Una llama se enciende en mi pecho. Descolocada, vacilo unos segundos. Tengo ganas de ceder a esa idea descabellada, pero no estoy segura de mis motivaciones. ¿Me estimula de verdad el deseo de ver a mi padre, o la perspectiva de pasar unas horas con este desconocido que no me juzgará, es evidente, diga lo que diga y haga lo que haga?

Busco sus ojos y me gusta lo que veo en ellos.

Él coge al vuelo el llavero que le lanzo.

Évry, Auxerre, Beaune, Lyon, Valence, Aviñón…

Proseguimos nuestro periplo surrealista por la autopista del Sol. Por primera vez desde hace mucho, bajo la guardia con un hombre. Le dejo hacer; me dejo llevar. Escuchamos canciones en la radio comiendo galletas de mantequilla y Lu con chocolate. Hay migas y sol por todas partes. Como un anticipo de vacaciones, de Provenza, de Mediterráneo. De libertad.

Todo lo que necesitaba.

Son las 13.30 cuando Paul me deja ante la entrada de la prisión de Luynes. Durante todo el trayecto he rechazado la idea de esta confrontación con mi padre. Inmóvil delante de la austera fachada, recorrida por cámaras de vigilancia, ya no puedo dar marcha atrás.

Salgo media hora más tarde, llorando pero aliviada. Por haber visto a mi padre. Por haber hablado con él. Por haber plantado la semilla de una reconciliación que ya no me parece imposible. Este primer paso ha sido, sin duda alguna, lo mejor que he hecho en los últimos años. Y se lo debo a un hombre al que apenas conozco. Alguien que ha sabido ver en mí algo que no era lo que yo quería mostrarle.

«No sé qué esconde, señor Malaury, si es usted tan retorcido como yo o simplemente un tío distinto de los demás, pero gracias».

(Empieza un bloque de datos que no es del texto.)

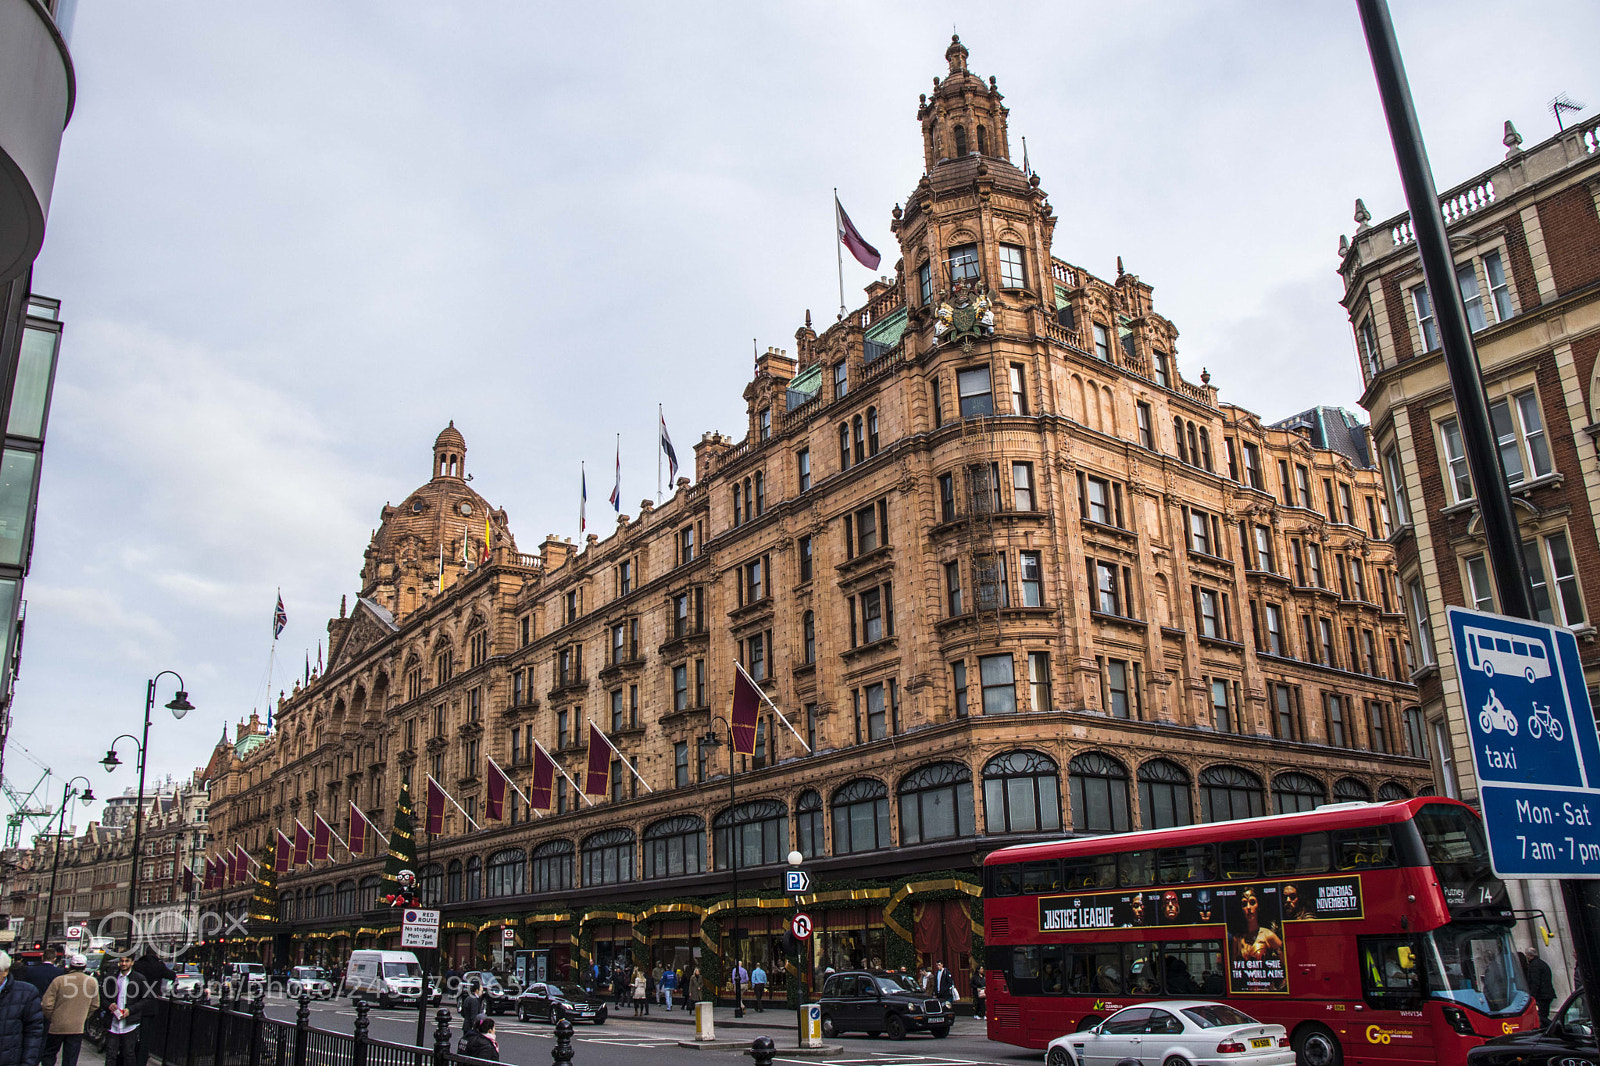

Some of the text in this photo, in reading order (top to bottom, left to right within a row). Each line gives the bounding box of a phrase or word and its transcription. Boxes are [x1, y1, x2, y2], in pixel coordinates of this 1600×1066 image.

[1485, 744, 1517, 770] taxi
[1318, 885, 1353, 898] IN CINEMAS
[1443, 886, 1493, 904] Putney 74
[1316, 896, 1357, 909] NOVEMBER 17
[1044, 907, 1114, 929] JUSTICE LEAGUE
[1232, 970, 1242, 978] THE
[1244, 970, 1266, 978] WORLD
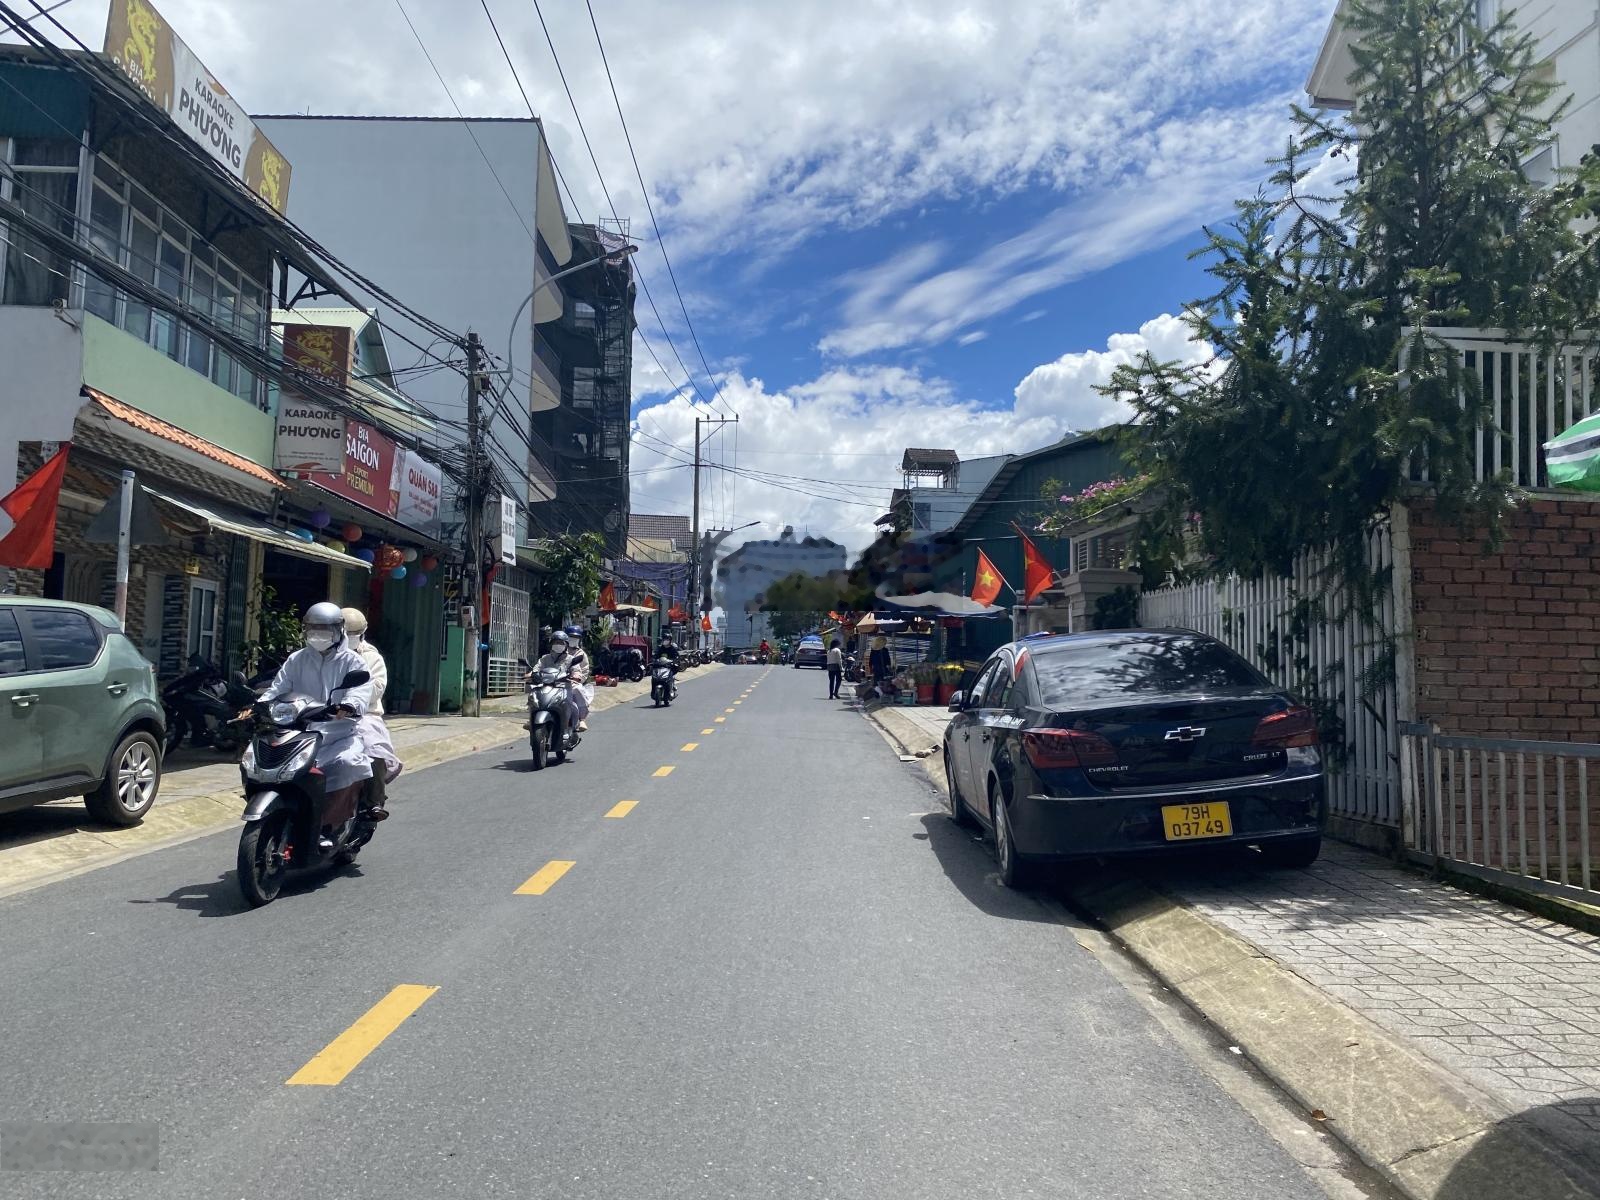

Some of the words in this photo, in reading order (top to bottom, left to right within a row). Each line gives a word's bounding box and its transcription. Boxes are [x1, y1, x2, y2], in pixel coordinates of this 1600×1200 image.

[130, 59, 143, 80] BIA
[195, 77, 234, 130] KARAOKE
[180, 88, 242, 169] PHƯƠNG
[285, 408, 337, 420] KARAOKE
[279, 424, 341, 439] PHƯƠNG
[358, 426, 369, 443] BIA
[346, 434, 380, 471] SAIGON
[346, 472, 374, 497] PREMIUM
[408, 467, 427, 493] QUÁN
[1088, 765, 1129, 773] CHEVROLET
[1182, 806, 1210, 820] 79H
[1172, 820, 1224, 838] 037.49

Liberada de un peso, me duermo en el coche.

Paul me sonríe.

—¿Te he dicho que mi abuela tenía una casa en la costa Amalfitana? ¿Has estado alguna vez en Italia en Navidad?

Cuando he abierto los ojos, acabábamos de cruzar la frontera italiana. Ahora estamos en San Remo y el sol envía sus últimos rayos. Lejos de París, de Burdeos, de la lluvia y del 36 del Quai des Orfèvres.

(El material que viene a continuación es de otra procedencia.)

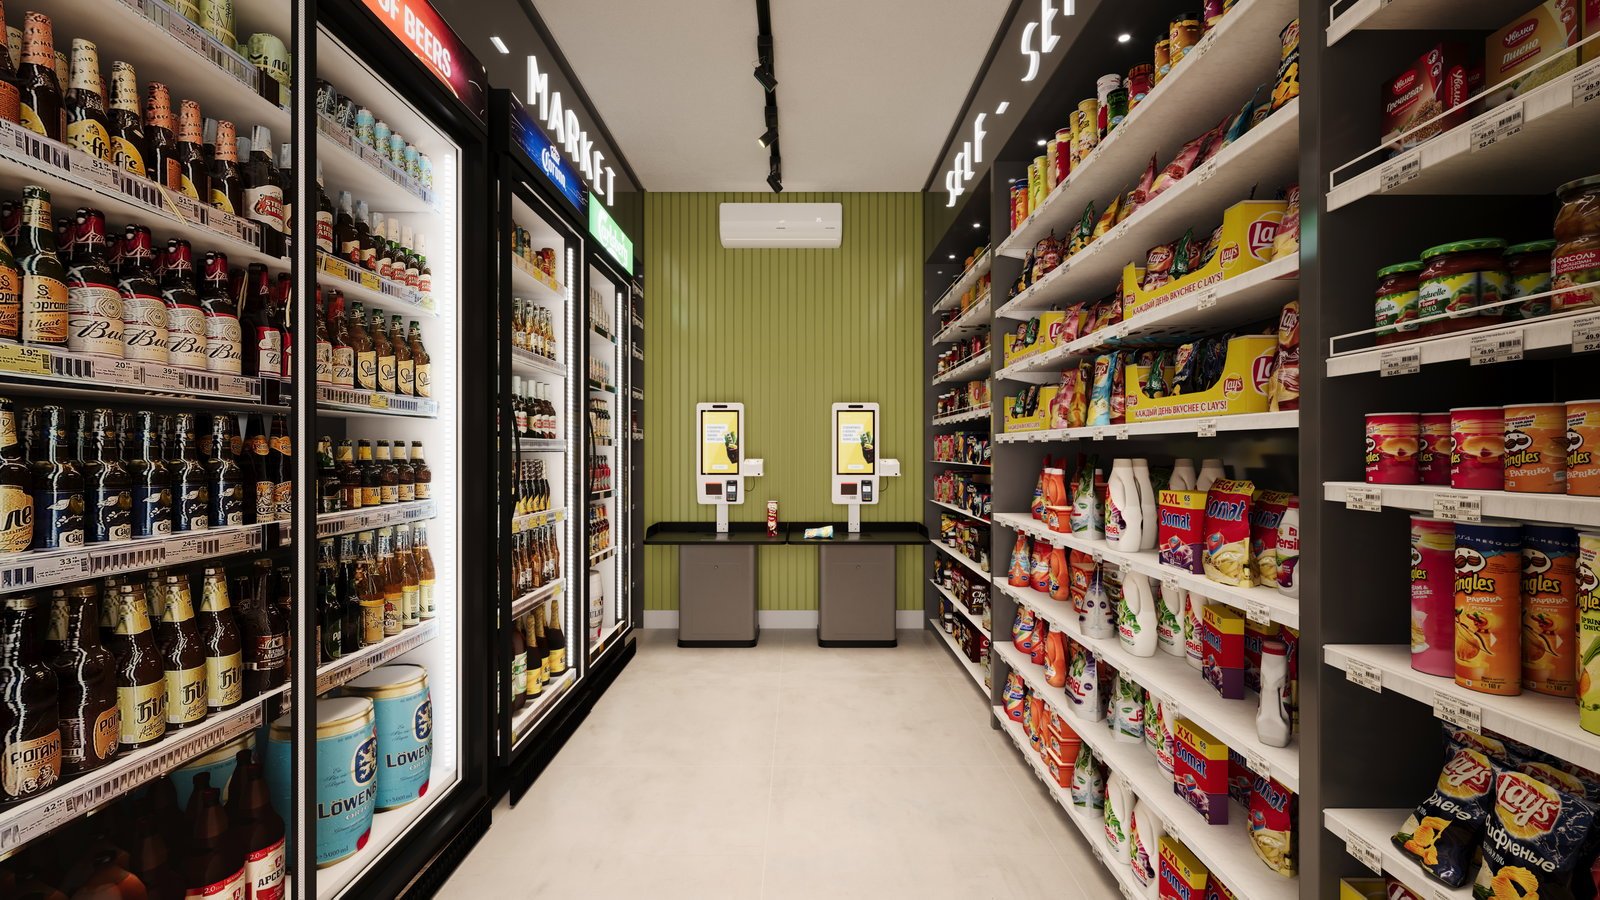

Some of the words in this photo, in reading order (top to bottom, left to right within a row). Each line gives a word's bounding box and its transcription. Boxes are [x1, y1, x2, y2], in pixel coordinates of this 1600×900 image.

[404, 4, 452, 78] BEERS
[1020, 0, 1077, 82] SE
[1504, 23, 1535, 45] Увелка
[1502, 38, 1539, 65] Пшено
[1584, 91, 1600, 102] 52.4
[526, 55, 616, 207] MARKET
[541, 146, 567, 191] Corona
[945, 112, 988, 208] SELF
[1132, 300, 1155, 315] КАЖДЫЙ
[1155, 294, 1170, 306] ДЕНЬ
[1169, 284, 1196, 302] ВКУСНЕЕ
[1584, 343, 1600, 351] 52.4
[1585, 333, 1600, 341] 49.9
[1135, 408, 1157, 418] КАЖДЫЙ
[1158, 406, 1172, 416] ДЕНЬ
[1173, 404, 1199, 414] ВКУСНЕЕ
[1162, 492, 1180, 505] XXL
[1161, 509, 1191, 531] Somat
[59, 558, 72, 566] 33
[1203, 607, 1216, 625] XXL
[1581, 615, 1600, 627] SPRIN
[1203, 621, 1222, 653] Somat
[1177, 723, 1196, 747] XXL
[1175, 740, 1207, 779] Somat
[1495, 775, 1561, 827] Lay's
[1161, 843, 1181, 871] XXL
[1161, 859, 1191, 900] Somat

Noto sus ojos sobre mí. Tengo la impresión de conocerlo desde siempre. No comprendo cómo ha podido tejerse un vínculo tan íntimo entre nosotros con semejante rapidez.

Hay momentos raros en la existencia en que una puerta se abre y la vida te ofrece un encuentro que ya no esperabas. El del ser complementario que te acepta tal como eres, que te toma en tu totalidad, que intuye y acepta tus contradicciones, tus miedos, tu resentimiento, tu ira, el torrente de fango oscuro que corre por tu cabeza. Y que lo apacigua. Ese que te tiende un espejo en el que ya no te da miedo mirarte.

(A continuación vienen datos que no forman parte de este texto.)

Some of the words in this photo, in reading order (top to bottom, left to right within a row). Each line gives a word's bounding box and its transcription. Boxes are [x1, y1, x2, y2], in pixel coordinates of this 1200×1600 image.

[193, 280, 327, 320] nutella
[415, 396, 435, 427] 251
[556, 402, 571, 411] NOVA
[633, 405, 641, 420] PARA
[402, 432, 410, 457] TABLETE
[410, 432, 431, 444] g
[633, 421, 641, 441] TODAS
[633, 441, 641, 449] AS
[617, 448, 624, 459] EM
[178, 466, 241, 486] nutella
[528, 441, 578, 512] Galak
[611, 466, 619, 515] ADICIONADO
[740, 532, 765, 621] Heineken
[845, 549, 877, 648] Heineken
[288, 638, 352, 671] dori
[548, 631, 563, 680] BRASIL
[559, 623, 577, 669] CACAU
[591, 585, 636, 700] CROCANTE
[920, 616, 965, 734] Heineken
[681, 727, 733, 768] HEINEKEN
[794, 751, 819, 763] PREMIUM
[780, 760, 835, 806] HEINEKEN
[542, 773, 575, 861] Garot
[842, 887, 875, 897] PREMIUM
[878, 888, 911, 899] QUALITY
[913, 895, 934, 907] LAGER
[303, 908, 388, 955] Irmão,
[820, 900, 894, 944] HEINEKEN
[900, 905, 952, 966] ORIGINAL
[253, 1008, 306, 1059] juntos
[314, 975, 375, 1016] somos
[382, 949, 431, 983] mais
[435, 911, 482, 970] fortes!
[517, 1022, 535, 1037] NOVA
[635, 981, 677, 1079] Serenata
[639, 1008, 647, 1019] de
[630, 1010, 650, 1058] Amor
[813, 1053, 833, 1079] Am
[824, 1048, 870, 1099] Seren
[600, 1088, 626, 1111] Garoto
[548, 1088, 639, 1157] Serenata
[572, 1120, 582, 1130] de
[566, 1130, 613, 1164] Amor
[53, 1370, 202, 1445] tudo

Basta un instante. Una mirada. Un encuentro. Para revolucionar una existencia. La persona idónea, el momento idóneo. El capricho cómplice del azar.

Pasamos la Nochebuena en un hotel de Roma.

Al día siguiente recorrimos la costa Amalfitana y atravesamos el valle del Dragón hasta los elevados jardines de Ravello.

Cinco meses después, estábamos casados.

En mayo me enteré de que esperaba un hijo.

Hay momentos en la existencia en los que una puerta se abre y tu vida se desliza en medio de la luz. Raros instantes en los que algo se abre dentro de ti. Flotas, ingrávida; circulas por una autopista sin radar. Las elecciones se vuelven límpidas, las respuestas sustituyen a las preguntas, el miedo cede el puesto al amor.

Hay que haber conocido esos momentos.

Raramente duran.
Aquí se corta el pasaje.